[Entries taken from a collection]

# # # #

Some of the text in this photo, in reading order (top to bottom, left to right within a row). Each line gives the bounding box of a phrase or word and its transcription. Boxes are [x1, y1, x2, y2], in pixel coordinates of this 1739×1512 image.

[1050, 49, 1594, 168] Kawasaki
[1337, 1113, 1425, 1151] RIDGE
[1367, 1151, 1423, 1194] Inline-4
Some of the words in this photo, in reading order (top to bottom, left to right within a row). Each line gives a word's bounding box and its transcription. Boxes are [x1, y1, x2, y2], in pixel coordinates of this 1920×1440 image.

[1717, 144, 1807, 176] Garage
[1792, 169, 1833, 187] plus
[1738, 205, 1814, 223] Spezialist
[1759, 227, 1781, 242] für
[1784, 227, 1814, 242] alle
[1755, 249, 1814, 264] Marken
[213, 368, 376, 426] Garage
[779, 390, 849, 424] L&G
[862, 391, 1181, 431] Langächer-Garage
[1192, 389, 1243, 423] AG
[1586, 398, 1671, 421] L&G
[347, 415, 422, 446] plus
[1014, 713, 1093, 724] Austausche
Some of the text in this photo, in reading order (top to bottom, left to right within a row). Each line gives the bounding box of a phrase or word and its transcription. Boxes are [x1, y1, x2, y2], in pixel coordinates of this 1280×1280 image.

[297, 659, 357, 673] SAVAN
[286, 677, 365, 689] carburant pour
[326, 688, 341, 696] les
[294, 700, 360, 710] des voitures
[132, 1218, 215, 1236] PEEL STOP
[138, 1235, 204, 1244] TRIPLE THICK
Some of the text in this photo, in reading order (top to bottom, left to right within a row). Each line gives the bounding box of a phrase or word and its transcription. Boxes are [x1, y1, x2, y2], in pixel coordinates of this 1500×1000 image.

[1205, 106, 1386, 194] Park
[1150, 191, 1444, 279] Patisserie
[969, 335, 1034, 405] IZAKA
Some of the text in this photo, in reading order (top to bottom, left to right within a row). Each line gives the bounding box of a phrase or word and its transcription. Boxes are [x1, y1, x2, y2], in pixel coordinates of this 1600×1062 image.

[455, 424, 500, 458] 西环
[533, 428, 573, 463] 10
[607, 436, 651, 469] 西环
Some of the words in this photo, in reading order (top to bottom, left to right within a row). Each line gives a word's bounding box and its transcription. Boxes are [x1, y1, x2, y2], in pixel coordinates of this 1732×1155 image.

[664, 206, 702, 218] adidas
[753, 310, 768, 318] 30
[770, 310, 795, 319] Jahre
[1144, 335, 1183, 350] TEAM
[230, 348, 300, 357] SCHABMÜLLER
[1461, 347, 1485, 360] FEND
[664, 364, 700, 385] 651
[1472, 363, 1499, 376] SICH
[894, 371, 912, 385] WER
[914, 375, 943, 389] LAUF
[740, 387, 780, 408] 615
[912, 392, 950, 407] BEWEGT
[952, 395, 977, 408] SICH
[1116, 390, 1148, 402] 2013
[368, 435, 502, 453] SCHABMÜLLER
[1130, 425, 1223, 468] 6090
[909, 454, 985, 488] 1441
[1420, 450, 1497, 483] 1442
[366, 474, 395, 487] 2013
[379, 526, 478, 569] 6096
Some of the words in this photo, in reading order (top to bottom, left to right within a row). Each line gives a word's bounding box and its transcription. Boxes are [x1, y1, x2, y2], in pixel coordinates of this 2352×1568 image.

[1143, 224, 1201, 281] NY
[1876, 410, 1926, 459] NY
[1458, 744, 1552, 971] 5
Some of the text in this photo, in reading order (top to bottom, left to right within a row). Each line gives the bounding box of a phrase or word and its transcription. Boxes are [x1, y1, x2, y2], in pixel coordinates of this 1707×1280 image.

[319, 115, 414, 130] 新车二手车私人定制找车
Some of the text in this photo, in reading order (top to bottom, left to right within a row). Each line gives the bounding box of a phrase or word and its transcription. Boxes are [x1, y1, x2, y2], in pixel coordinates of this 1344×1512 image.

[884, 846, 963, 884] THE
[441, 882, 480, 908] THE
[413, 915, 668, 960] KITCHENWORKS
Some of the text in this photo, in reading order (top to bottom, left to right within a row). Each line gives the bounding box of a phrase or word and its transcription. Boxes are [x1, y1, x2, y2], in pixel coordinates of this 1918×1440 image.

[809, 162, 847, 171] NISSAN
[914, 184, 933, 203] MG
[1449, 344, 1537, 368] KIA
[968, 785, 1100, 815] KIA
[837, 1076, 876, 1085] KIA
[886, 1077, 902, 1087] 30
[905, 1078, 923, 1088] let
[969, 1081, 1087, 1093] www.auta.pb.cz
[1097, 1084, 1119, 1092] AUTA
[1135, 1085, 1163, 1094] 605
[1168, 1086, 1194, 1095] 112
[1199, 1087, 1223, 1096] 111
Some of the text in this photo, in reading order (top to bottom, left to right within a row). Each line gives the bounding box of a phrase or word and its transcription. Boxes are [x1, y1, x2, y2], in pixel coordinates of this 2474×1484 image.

# # # #

* Task instructions *
Each entry above must be retyped exactly.

* Written response *
Some of the text in this photo, in reading order (top to bottom, left to right within a row). Each line gives the bounding box of a phrase or word and its transcription. Boxes are [x1, y1, x2, y2], in pixel coordinates of this 1739×1512 image.

[1050, 49, 1594, 168] Kawasaki
[1337, 1113, 1425, 1151] RIDGE
[1367, 1151, 1423, 1194] Inline-4
Some of the words in this photo, in reading order (top to bottom, left to right within a row). Each line gives a word's bounding box and its transcription. Boxes are [x1, y1, x2, y2], in pixel coordinates of this 1920×1440 image.

[1717, 144, 1807, 176] Garage
[1792, 169, 1833, 187] plus
[1738, 205, 1814, 223] Spezialist
[1759, 227, 1781, 242] für
[1784, 227, 1814, 242] alle
[1755, 249, 1814, 264] Marken
[213, 368, 376, 426] Garage
[779, 390, 849, 424] L&G
[862, 391, 1181, 431] Langächer-Garage
[1192, 389, 1243, 423] AG
[1586, 398, 1671, 421] L&G
[347, 415, 422, 446] plus
[1014, 713, 1093, 724] Austausche
Some of the text in this photo, in reading order (top to bottom, left to right within a row). Each line gives the bounding box of a phrase or word and its transcription. Boxes are [x1, y1, x2, y2], in pixel coordinates of this 1280×1280 image.

[297, 659, 357, 673] SAVAN
[286, 677, 365, 689] carburant pour
[326, 688, 341, 696] les
[294, 700, 360, 710] des voitures
[132, 1218, 215, 1236] PEEL STOP
[138, 1235, 204, 1244] TRIPLE THICK
Some of the text in this photo, in reading order (top to bottom, left to right within a row). Each line gives the bounding box of a phrase or word and its transcription. Boxes are [x1, y1, x2, y2], in pixel coordinates of this 1500×1000 image.

[1205, 106, 1386, 194] Park
[1150, 191, 1444, 279] Patisserie
[969, 335, 1034, 405] IZAKA
Some of the text in this photo, in reading order (top to bottom, left to right within a row). Each line gives the bounding box of a phrase or word and its transcription. Boxes are [x1, y1, x2, y2], in pixel coordinates of this 1600×1062 image.

[455, 424, 500, 458] 西环
[533, 428, 573, 463] 10
[607, 436, 651, 469] 西环
Some of the words in this photo, in reading order (top to bottom, left to right within a row). Each line gives a word's bounding box and its transcription. Boxes are [x1, y1, x2, y2], in pixel coordinates of this 1732×1155 image.

[664, 206, 702, 218] adidas
[753, 310, 768, 318] 30
[770, 310, 795, 319] Jahre
[1144, 335, 1183, 350] TEAM
[230, 348, 300, 357] SCHABMÜLLER
[1461, 347, 1485, 360] FEND
[664, 364, 700, 385] 651
[1472, 363, 1499, 376] SICH
[894, 371, 912, 385] WER
[914, 375, 943, 389] LAUF
[740, 387, 780, 408] 615
[912, 392, 950, 407] BEWEGT
[952, 395, 977, 408] SICH
[1116, 390, 1148, 402] 2013
[368, 435, 502, 453] SCHABMÜLLER
[1130, 425, 1223, 468] 6090
[909, 454, 985, 488] 1441
[1420, 450, 1497, 483] 1442
[366, 474, 395, 487] 2013
[379, 526, 478, 569] 6096
Some of the words in this photo, in reading order (top to bottom, left to right within a row). Each line gives a word's bounding box and its transcription. Boxes are [x1, y1, x2, y2], in pixel coordinates of this 2352×1568 image.

[1143, 224, 1201, 281] NY
[1876, 410, 1926, 459] NY
[1458, 744, 1552, 971] 5
Some of the text in this photo, in reading order (top to bottom, left to right within a row). Each line gives the bounding box of a phrase or word and its transcription. Boxes are [x1, y1, x2, y2], in pixel coordinates of this 1707×1280 image.

[319, 115, 414, 130] 新车二手车私人定制找车
Some of the text in this photo, in reading order (top to bottom, left to right within a row). Each line gives the bounding box of a phrase or word and its transcription. Boxes are [x1, y1, x2, y2], in pixel coordinates of this 1344×1512 image.

[884, 846, 963, 884] THE
[441, 882, 480, 908] THE
[413, 915, 668, 960] KITCHENWORKS
Some of the text in this photo, in reading order (top to bottom, left to right within a row). Each line gives the bounding box of a phrase or word and its transcription. Boxes are [x1, y1, x2, y2], in pixel coordinates of this 1918×1440 image.

[809, 162, 847, 171] NISSAN
[914, 184, 933, 203] MG
[1449, 344, 1537, 368] KIA
[968, 785, 1100, 815] KIA
[837, 1076, 876, 1085] KIA
[886, 1077, 902, 1087] 30
[905, 1078, 923, 1088] let
[969, 1081, 1087, 1093] www.auta.pb.cz
[1097, 1084, 1119, 1092] AUTA
[1135, 1085, 1163, 1094] 605
[1168, 1086, 1194, 1095] 112
[1199, 1087, 1223, 1096] 111
Some of the text in this photo, in reading order (top to bottom, left to right within a row). Each line gives the bounding box of a phrase or word and its transcription. Boxes are [x1, y1, x2, y2], in pixel coordinates of this 2474×1484 image.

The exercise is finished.